**The problem**
Repeat the following data exactly, omitting pictures.

——

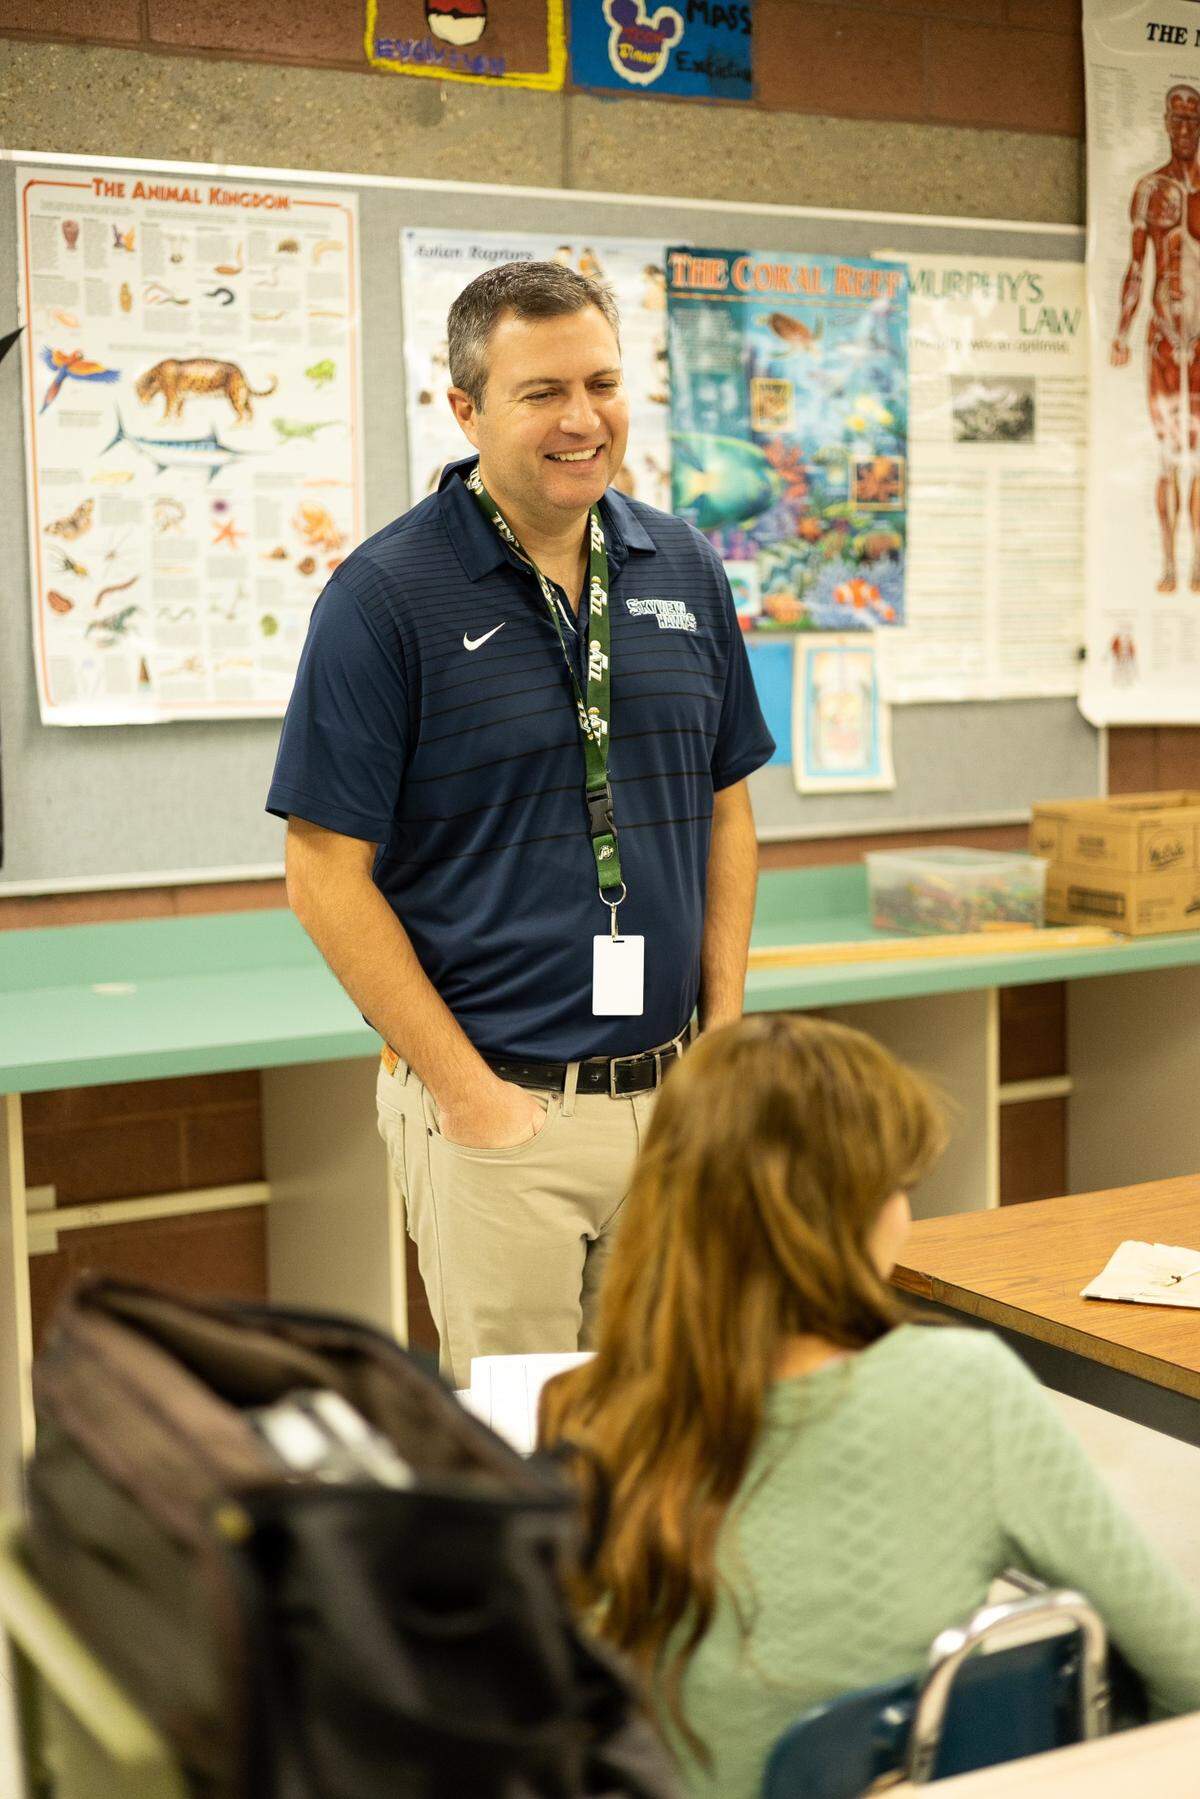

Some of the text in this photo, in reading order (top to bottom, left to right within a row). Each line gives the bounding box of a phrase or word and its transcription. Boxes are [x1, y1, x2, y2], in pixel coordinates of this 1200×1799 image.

[686, 0, 752, 35] MASS
[1146, 22, 1188, 45] THE
[93, 177, 290, 209] THE ANIMAL KINGDOM
[669, 252, 903, 298] THE CORAL REEF
[908, 269, 1044, 304] MURPHY'S
[1018, 305, 1081, 336] LAW
[656, 612, 697, 632] HAWKS
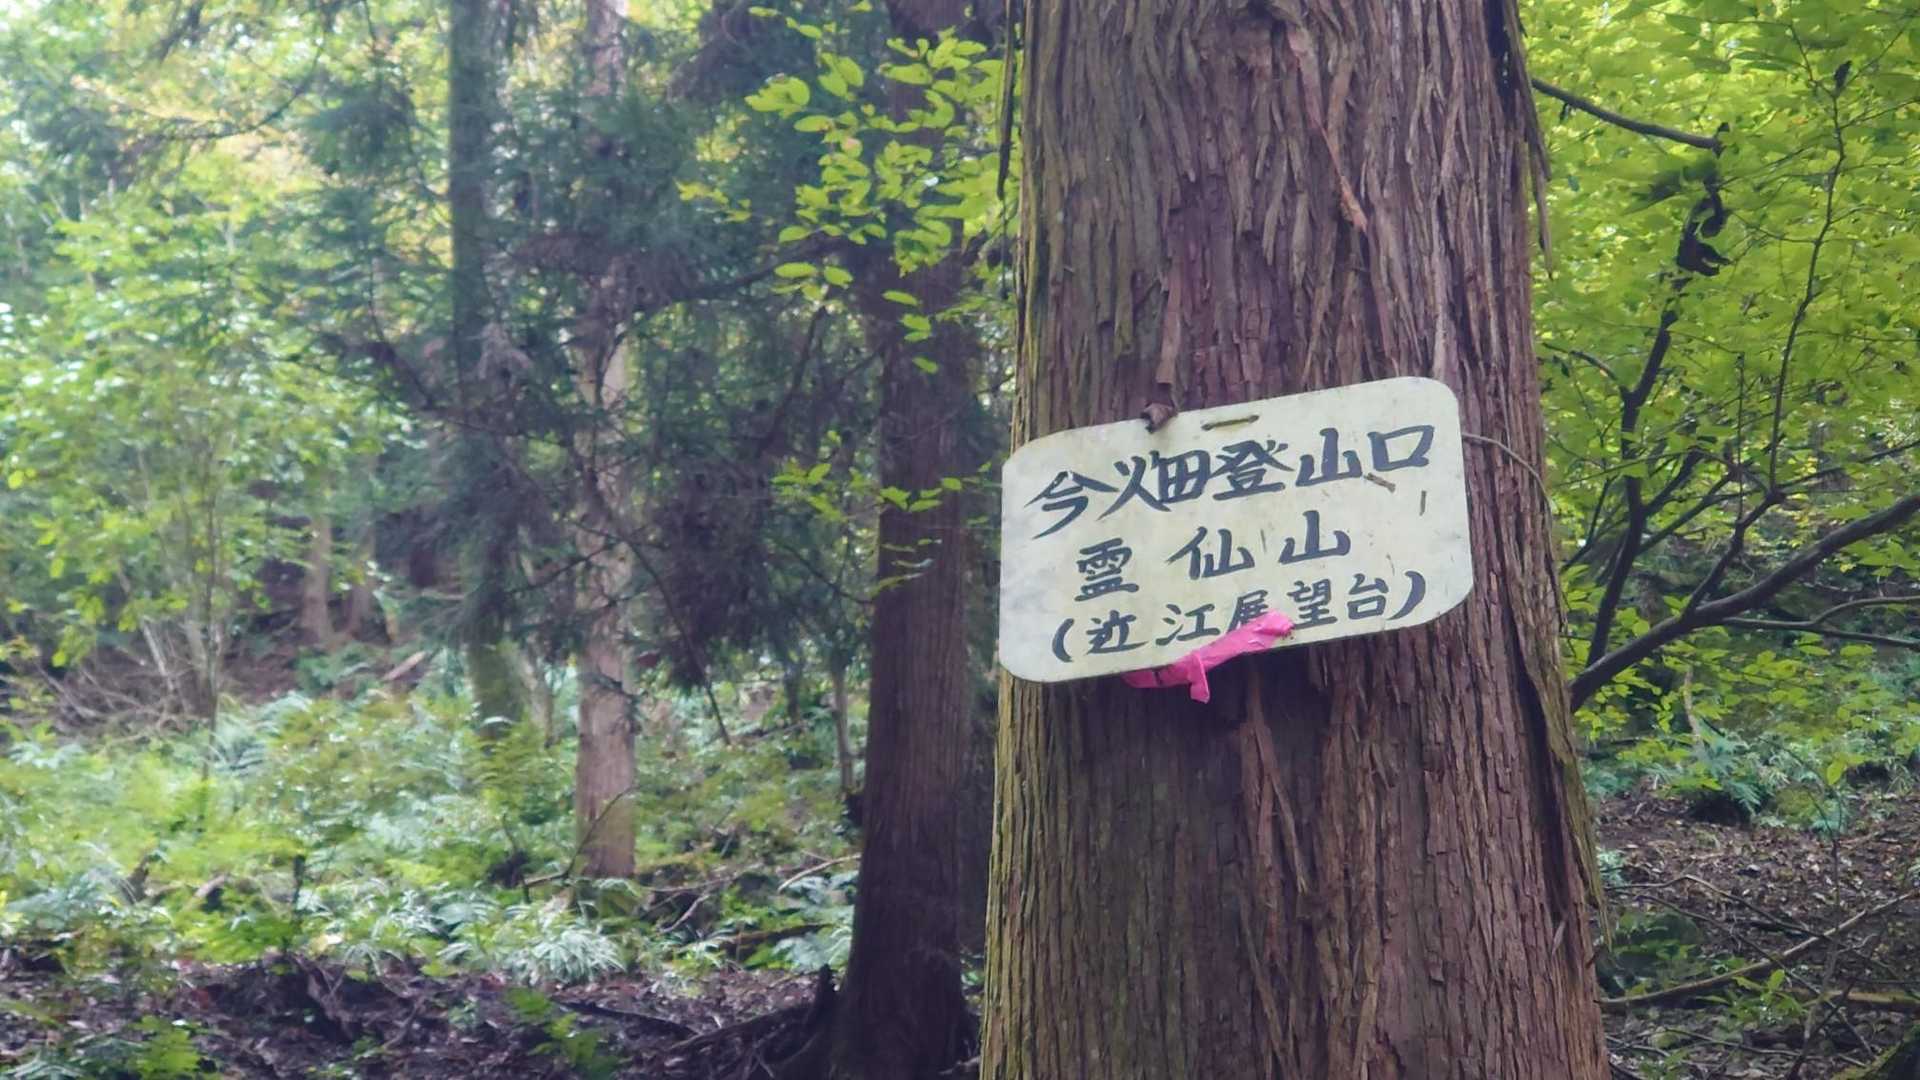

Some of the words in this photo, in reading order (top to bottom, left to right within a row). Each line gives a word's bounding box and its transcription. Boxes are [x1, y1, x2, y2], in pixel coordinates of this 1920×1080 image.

[1024, 424, 1434, 539] 今畑登山口
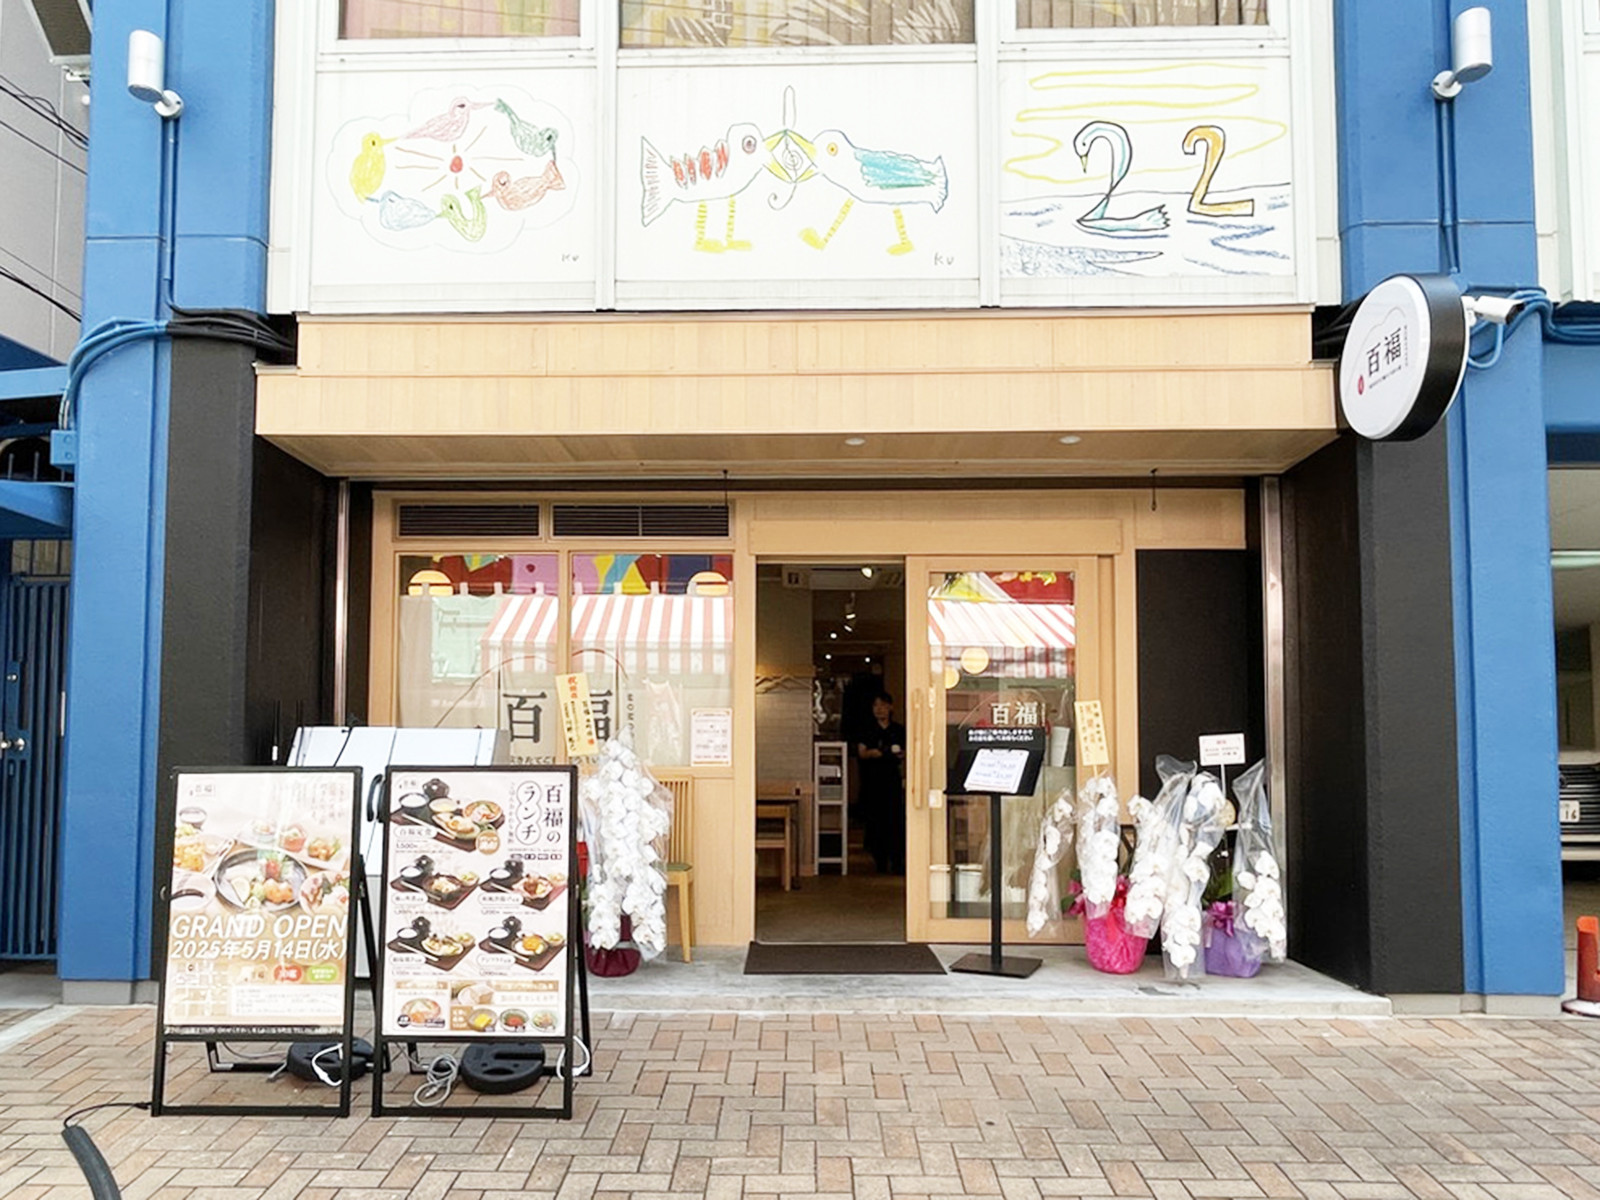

——

**Result**
Some of the text in this photo, in reading order (top to bottom, left to right within a row). Each line gives the bounding box of a phrase or word and its transcription. Boxes are [x1, y1, x2, y2], in pixel coordinates of this 1200×1799 image.

[686, 0, 752, 35] MASS
[1146, 22, 1188, 45] THE
[93, 177, 290, 209] THE ANIMAL KINGDOM
[669, 252, 903, 298] THE CORAL REEF
[908, 269, 1044, 304] MURPHY'S
[1018, 305, 1081, 336] LAW
[656, 612, 697, 632] HAWKS

Some of the words in this photo, in reading order (top to bottom, left to right within a row). Each line gives a word's bounding box and its transcription. Boxes are [x1, y1, x2, y2], in pixel coordinates of this 1920×1080 image.

[1024, 424, 1434, 539] 今畑登山口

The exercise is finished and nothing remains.